Tuesday, August 10, 2010

X-Campus #2 - Uniquely Awesome


Over a month ago an offbeat take on the X-men was introduced. It was called X-Campus, another one of those books forged in the shady underworld of European comics. I say shady because most X-fans in the states don't even know this shit exists. It usually takes some kind of fluke to get it here. X-Women was one of those comics and it was pretty kick-ass (gotta love those less than Puritainical attitudes of Europe). X-Campus is different in that it doesn't fit into the regular X-men continuity. Hell, it doesn't fit into any continuity. It's basically it's own thing, a total alternate take. And by alternate I don't mean a few tweaks here and there. I mean a full fledged re-imagining of the X-men. It's different and may cause some people's heads to spin right off their necks. But damn it if it isn't it's own kind of awesome.

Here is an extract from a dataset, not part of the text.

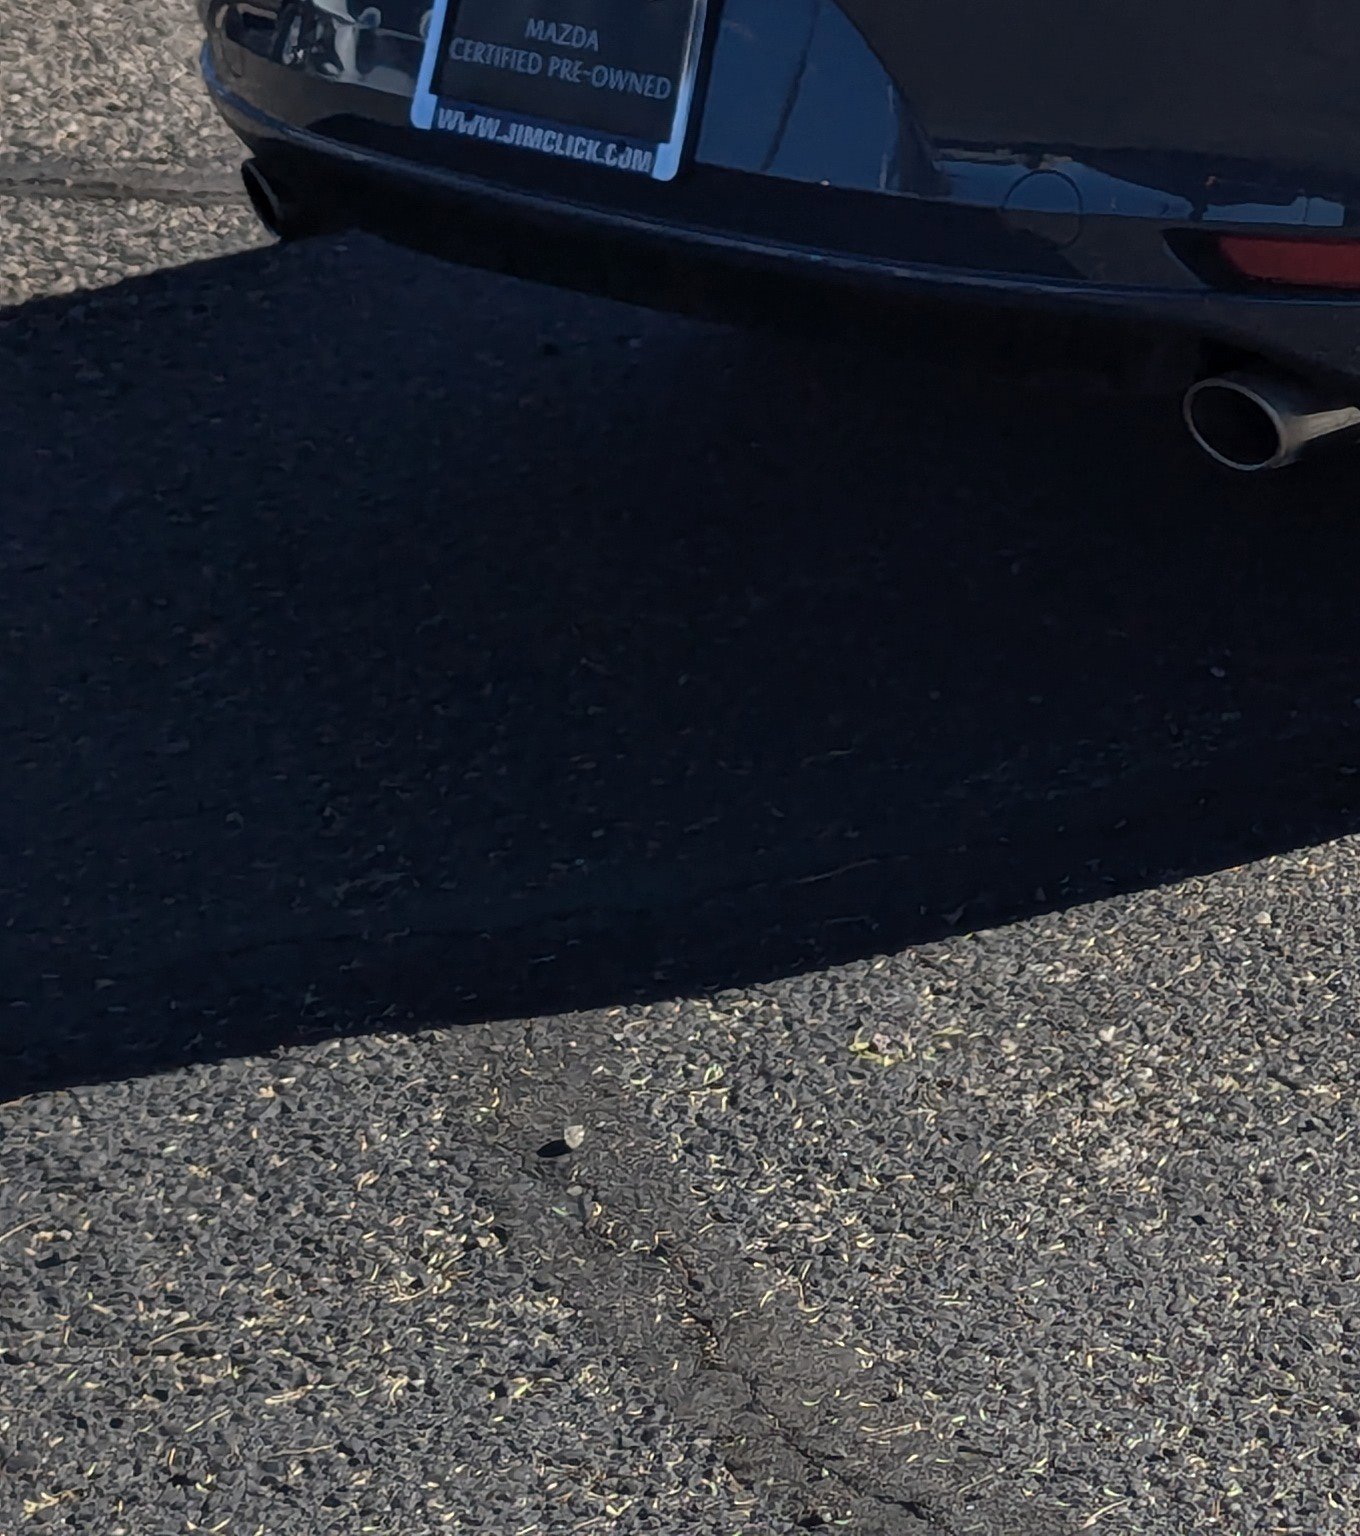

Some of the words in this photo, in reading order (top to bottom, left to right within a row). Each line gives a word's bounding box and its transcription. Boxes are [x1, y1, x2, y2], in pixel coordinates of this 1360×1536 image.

X-Campus #1 set the stage. The Xavier Institute is the Xavier Academy, a special school where the X-gang we all know and love are your typical, hormone-driven, angst ridden, parent defying teenagers. Yeah, it was done before in X-men Evolution, but not like this. Charles Xavier is a real Professor who...you know, actually teaches like he never does in the comics. Jean Grey is his hot cougar-esque teaching assistant. Magneto (or Magnus as he's called) is another rival teacher. Mystique is operating under the guise of an administrator. And Logan is a teenager. That's right, the same deranged animal that was badass enough as an adult is a teenager! Where else are you going to find shit like that? All this was sort of touched on in the first issue while introducing Rogue into the story, or Anna as she's called here. She basically was the in that brought the reader into the world of X-Campus. In the new issue she doesn't take center stage nearly as much, but that's okay because it opens the door for other characters to be awesome.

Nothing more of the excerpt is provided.